On the Boards: Aloha Affordable Housing
Author
Alex Jensen
Date published
May 27, 2022
View original article
A four-story, 82-unit apartment building on the rise in Aloha will be the tallest in the neighborhood when it’s finished. But it will soon have company.
The project team aimed to make the building simple, quiet, and light, Scott Edwards Architecture principal Lisa McClellan said. That will set the tone as other projects – such as a four-story, 90-room hotel – are built nearby.
The approximately $28 million affordable housing project is the second that Scott Edwards Architecture has designed for BRIDGE Housing, a nonprofit developer and property manager. The first was Cornelius Place, a mixed-use development featuring a public library and 45 apartments for low-income seniors in Cornelius.
The 78,000-square-foot building in Aloha will hold studios as well as apartments with one, two or three bedrooms. Units will be offered to people making no more than 30 percent or 60 percent of the area median income. The team is paying for the project in part with $10.23 million from the $652.8 million Metro affordable housing bond approved by voters inConstruction started in April at 3575 S.W. 174th Ave. The site is near the intersection with Tualatin Valley Highway.
The site’s dimensions presented a dilemma for the project team, McClellan said. The desire was for a C-shaped building with residential wings on the sides and a large common area in the middle. That would allow residents to enter the building and immediately be in the common area, with easy access to the courtyard.
“But the site is not square; it’s kind of a weird parallelogram,” McClellan said.
So, sticking with the same building plan, the project team had to push and pull the structure so it would fit within the property boundaries.
That adjustment ended up being a blessing. Instead of long interior corridors, the building will have hallways broken up into sections due to shifts in the massing. McClellan said this would create greater distinction of the areas around residents’ apartments.
Large windows outside the elevator and along the corridors will let in substantial natural light. The windows will be within 6 inches of the ceiling, allowing for greater light coverage.

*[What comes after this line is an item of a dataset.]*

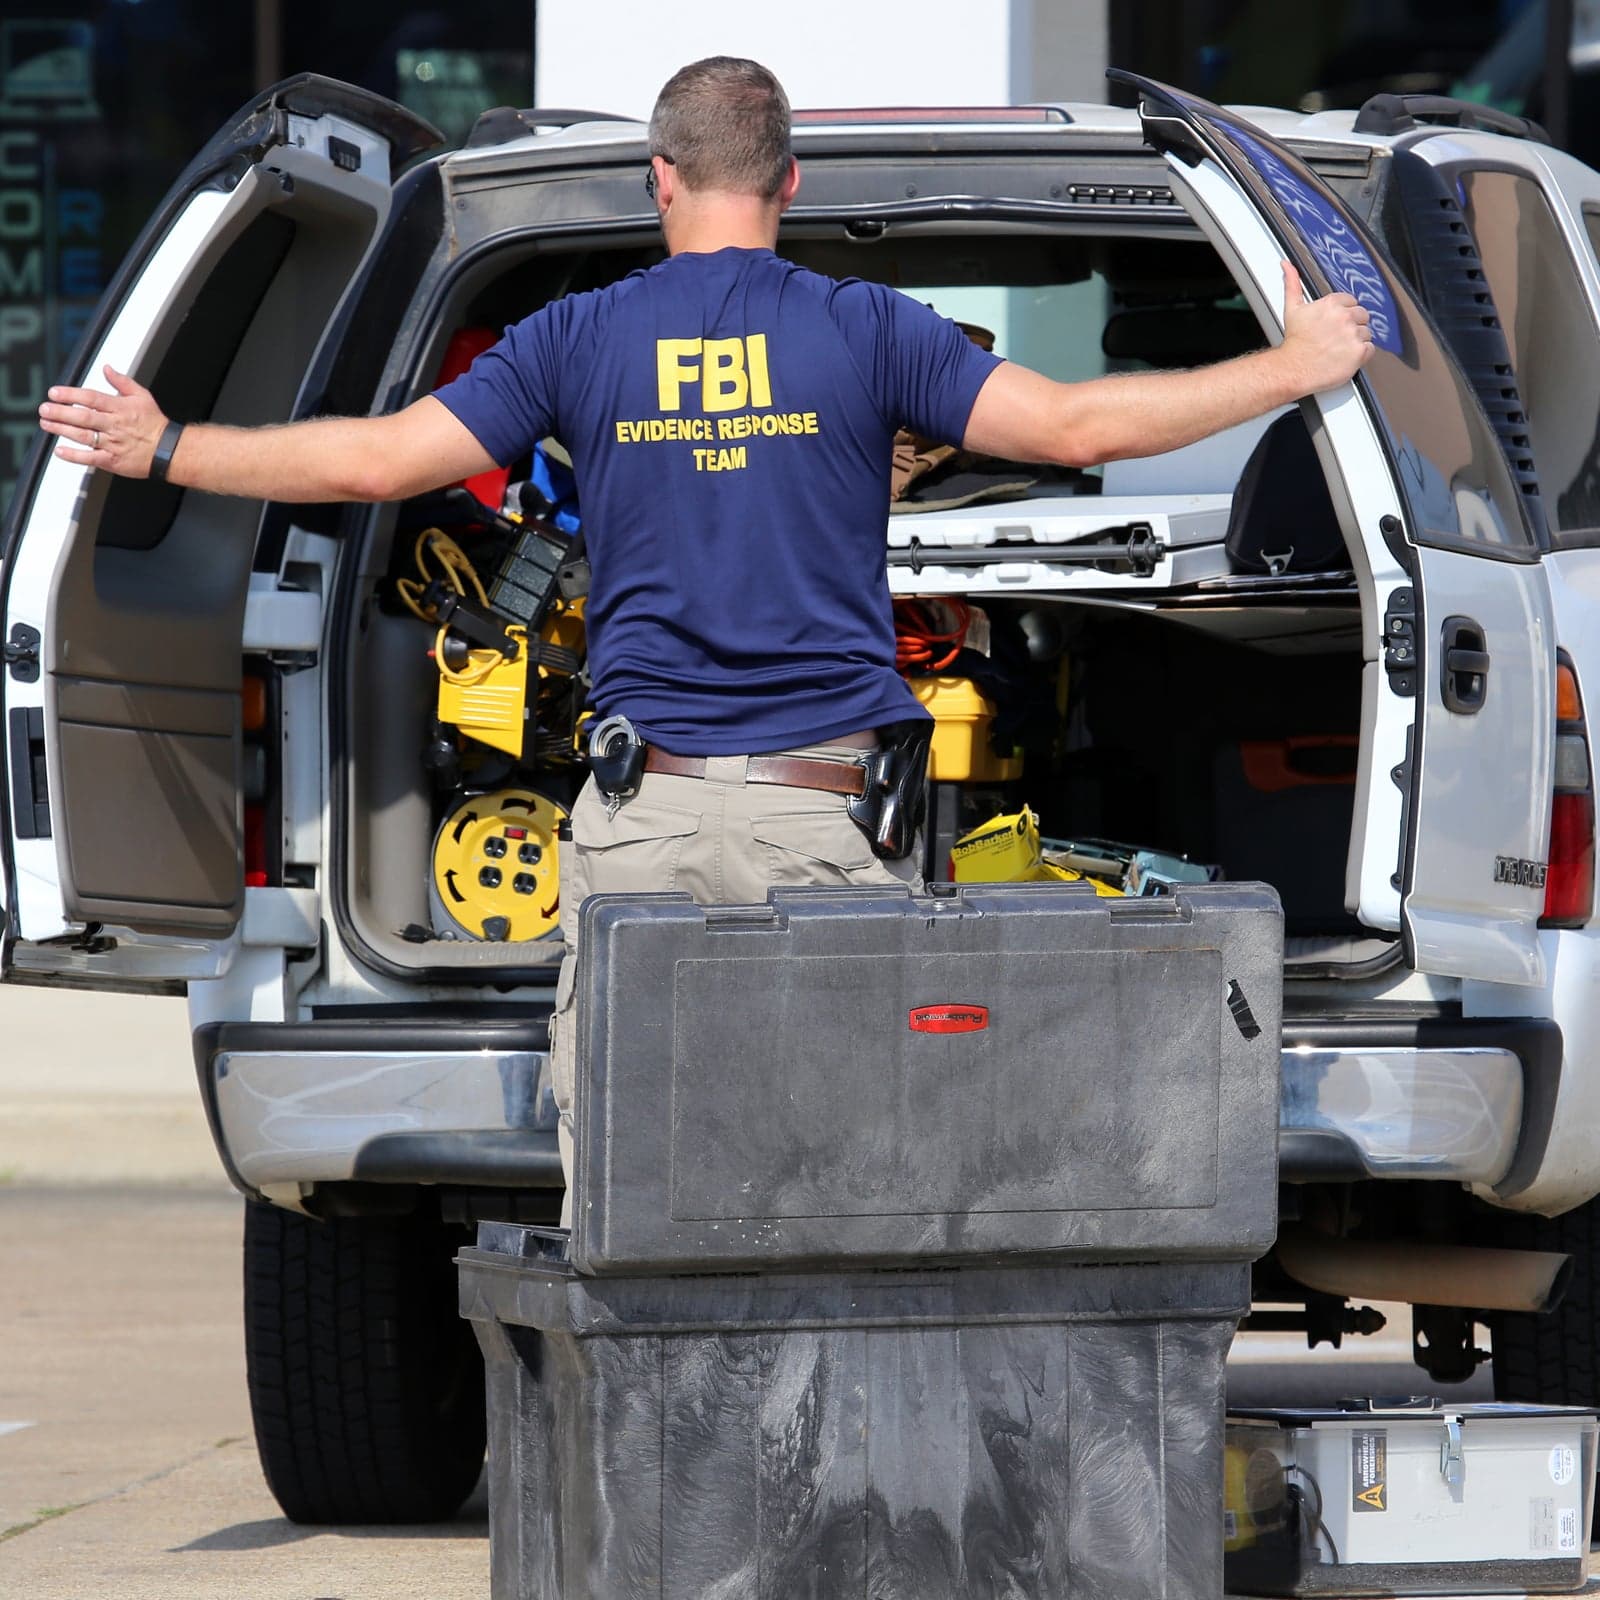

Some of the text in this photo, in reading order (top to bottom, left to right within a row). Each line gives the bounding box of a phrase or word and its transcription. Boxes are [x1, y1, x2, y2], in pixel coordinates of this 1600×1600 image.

“I think that is really unique about this particular building is we adjusted the form of the building to address the site constraints, but then it created a really wonderful experience within the circulation of the building,” McClellan said.
A traditional look is planned for the building’s exterior. Fiber-cement siding will have a light terra-cotta base color on the ground floor, and a white finish on floors above.
Outside there will be a courtyard with a playground, a patio area with tables and chairs, a barbecue grill, raised garden beds, and seating separate from the play area.
Earth Advantage gold certification is being targeted for the project. Relevant features will include enhanced insulation, low-flow plumbing fixtures, a ventilation system, materials with low amounts of volatile organic compounds, and LED lighting. The building will be solar-ready. Also, approximately 75 percent of the landscaping will have some level of drought tolerance.
Project plans initially drew pushback from neighborhood residents, McClellan said. However, the project team addressed concerns about motor vehicle traffic, and pulled the building back from a corner of the site to improve visibility of the intersection at Southwest 174th Avenue and Alexander Street.